Tooth #34 showing dens evaginatus (a) and a small 2×2 cm2 bluish, fluctuant swelling on the lingual surface (b)
Figure 2.
(A) Tooth #34 showing well-circumscribed, periapical(a) and large cyst-like peri-radicular radiolucencies (b). (B) SealBio was done and coronal seal was completed using calcium sulphate-based cement (Cavit) and silver amalgam restoration
Subsequent to the resolution of clinical signs and symptoms, the tooth was re-opened. A final wash with 15% EDTA and normal saline was done and the canals were dried. After checking the patency by the smooth passage of #15 K-file, intentional over-instrumentation into the periapical region was done with #20 K-file to induce bleeding near the apical foramen. The file was gently given 2–3 clockwise turns and then withdrawn by giving counterclockwise rotation. A calcium sulfate-based cement (Cavit) was introduced in the access cavity. It was condensed into the cervical third of root canal with a hand plugger. The coronal seal was done with a silver amalgam restoration [Figure 2B]. The patient was recalled subsequently after 12 and 18 months for clinical and radiographic evaluation [Figure 3].
Figure 3.
Post operative radiographs at 12 months (a) and 18 months (b) exhibited complete resolution of both peri-radicular and peri-apical radiolucencies
Discussion
DE develops due to an abnormal proliferation and folding of a portion of the inner enamel epithelium and subjacent ectomesenchymal cells of the dental papilla into the stellate reticulum of the enamel organ during the bell stage of tooth formation.[10] It causes occlusal interference and/or devitalization of the involved tooth and shows a sexual predilection for females. There are different classifications given for the morphological variations of DE and its effect on the involved tooth. According to the Schulge classification, the presented case was Type V in which a tubercle arising from the occlusal surface obliterated the central groove.[2] According to the classification given by Levitan and Himel, it was Type V because of necrotic pulp and mature apex.[1] Tooth #34 became nonvital because microscopic pulp exposure in the tubercle area facilitated chronic bacterial invasion.

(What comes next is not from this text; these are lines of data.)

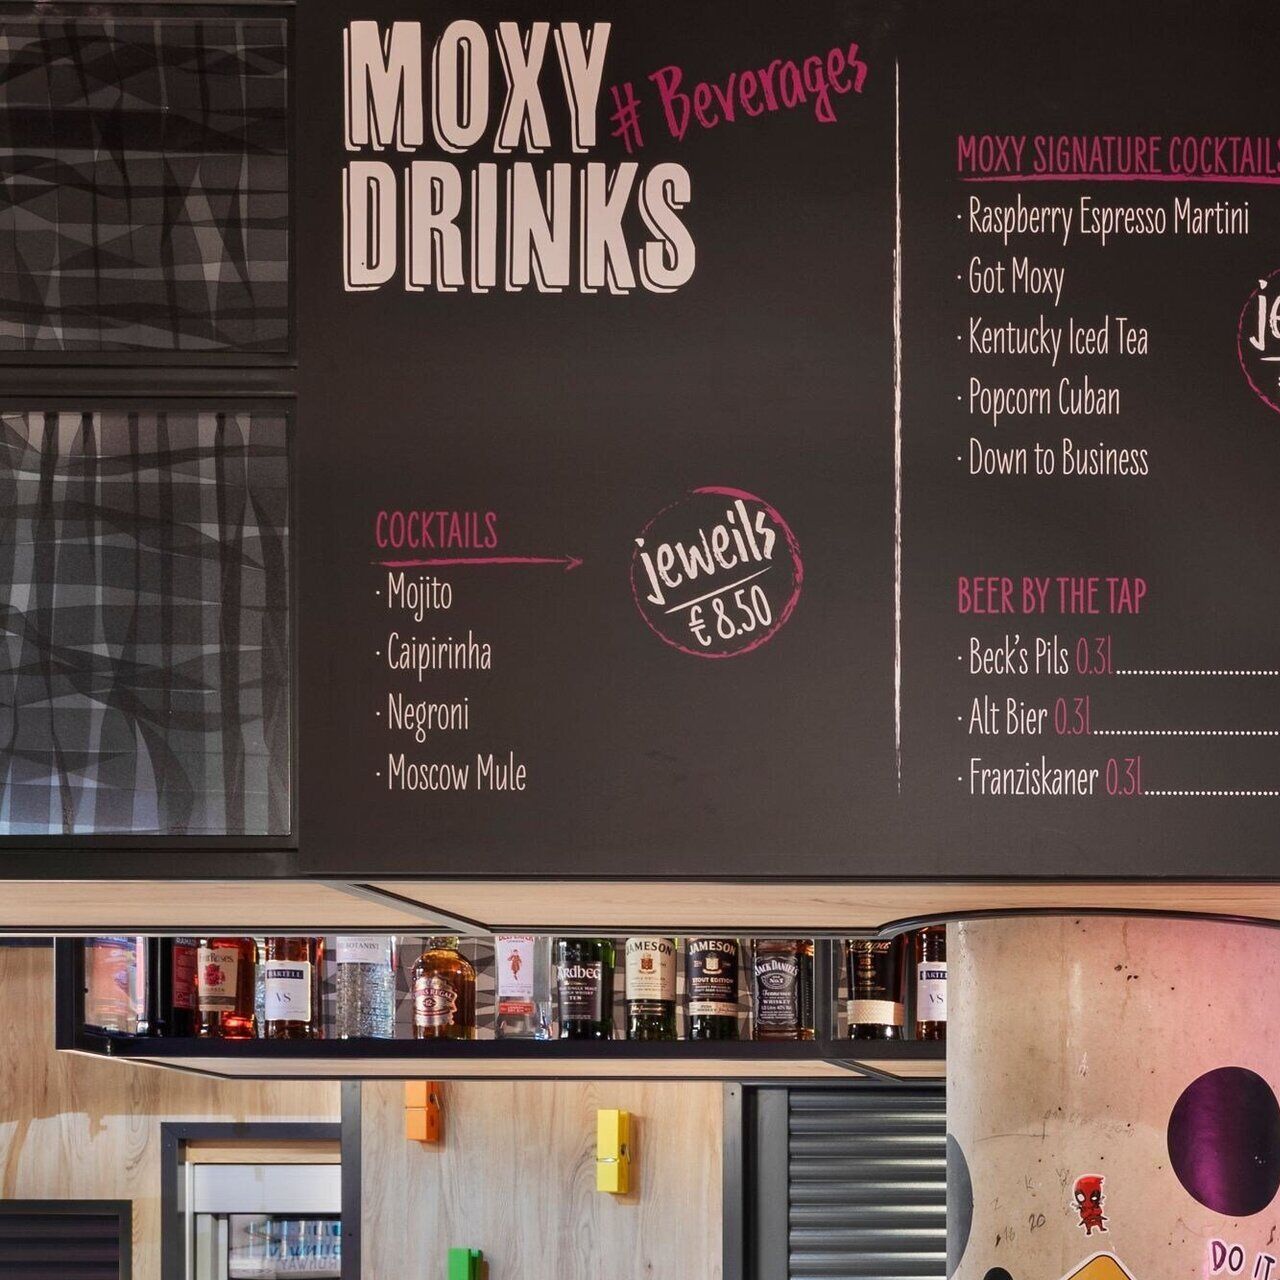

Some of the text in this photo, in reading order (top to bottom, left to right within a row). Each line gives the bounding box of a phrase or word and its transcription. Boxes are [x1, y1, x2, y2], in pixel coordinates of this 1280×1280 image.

[342, 19, 611, 154] MOXY
[649, 43, 867, 140] Beverages
[958, 136, 1025, 173] MOXY
[1033, 136, 1162, 173] SIGNATURE
[343, 161, 695, 295] DRINKS
[970, 194, 1248, 246] Raspberry Espresso Martini
[970, 315, 1147, 366] Kentucky Iced Tea
[970, 438, 1148, 475] Down to Business
[376, 511, 497, 548] COCKTAILS
[635, 500, 775, 605] jeweils
[388, 572, 452, 621] Mojito
[714, 584, 774, 639] 8.50
[959, 577, 1146, 614] BEER BY THE TAP
[388, 630, 491, 682] Caipirinha
[971, 635, 1028, 674] Beck's
[1036, 635, 1068, 674] Pils
[389, 693, 468, 743] Negroni
[389, 751, 526, 790] Moscow Mule
[627, 941, 673, 956] JAMESON
[690, 941, 735, 955] JAMESON
[755, 960, 799, 976] JACK DANIEL'S
[1212, 1241, 1243, 1272] DO

The exact diagnosis of the extra tooth-like structure attached to a cervical third of root and associated cyst-like radiolucency was difficult. One of the following two possibilities was considered for the differential diagnosis of cervical radiopacity.
Rudimentary type of supernumerary tooth fused with #34
Cystic compound composite odontome associated with #34.

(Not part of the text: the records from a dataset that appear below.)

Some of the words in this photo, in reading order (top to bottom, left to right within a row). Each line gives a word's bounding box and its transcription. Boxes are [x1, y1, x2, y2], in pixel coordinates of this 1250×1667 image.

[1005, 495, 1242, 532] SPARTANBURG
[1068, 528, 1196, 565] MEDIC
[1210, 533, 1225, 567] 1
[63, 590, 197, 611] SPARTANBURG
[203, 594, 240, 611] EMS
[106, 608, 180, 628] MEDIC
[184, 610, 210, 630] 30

Moreover, the following conditions were considered for the differential diagnosis of pericervical radiolucency.
Eruption cyst associated with a supernumerary tooth
Lateral periodontal cysts associated with tooth #34
Cystic odontome.
As the patient had presented with a bluish-tinged, soft, fluctuant swelling on lingual aspect of the tooth which drained readily through the gingival sulcus at the first sitting, it was decided to open the root canal and debride it to facilitate further drainage, if any, through the canal. The access cavity was opened and a single, centrally located large canal was negotiated. The canal was copiously debrided after working length determination. At the second visit, surprisingly, the patient's symptoms had subsided completely, and no swelling was visible on the lingual side. Cleaning and shaping were again performed. At the third visit, it was treated by the innovative, regenerative technique of “SealBio.” It involved “apical clearing,” that is, widening the apical third of the canal 2–4 sizes larger than the MAF without transportation of the canal or apical foramen,[11] “apical foramen widening,” that is, after maintaining the patency of the foramen, widening it to size 20–25, to help clean the cemental part of the canal and, thus, reduce the number of remaining bacteria, and finally, “intentional over-instrumentation” into the periapical region to induce bleeding and allow blood clot formation near the apical foramen. The formed blood clot provides a scaffold where various stem cells from apical region, such as bone marrow mesenchymal stem cells, stem cells from apical papilla (SCAP), stem cells from periodontal ligament (SCPL), etc., can get implanted. They proliferate, differentiate, and form a mineralized barrier, “SealBio” (a biological seal) to seal the apical foramen.[9] The coronal access cavity was restored with silver amalgam after application of cavity varnish.
Recently, some concerns regarding the toxic effect of intracanal disinfectants on stem cell viability have appeared in the regenerative endodontic literature.[12] Effect of intracanal calcium hydroxide dressing in regenerative procedures is being debated. One view suggests that it may reduce the viability and regenerative capacity of the apical vital cells due to periapical coagulation necrosis.[13] However, in a recent study calcium hydroxide was found conducive with SCAP survival and proliferation.[12] In fact, it has been found to stimulate Hertwig's epithelial root sheath, and hence, useful in apexogenesis.[14] Current consensus dictates the confinement of calcium hydroxide in the root canal to avoid its detrimental effect on the periapical stem cells viability.[15]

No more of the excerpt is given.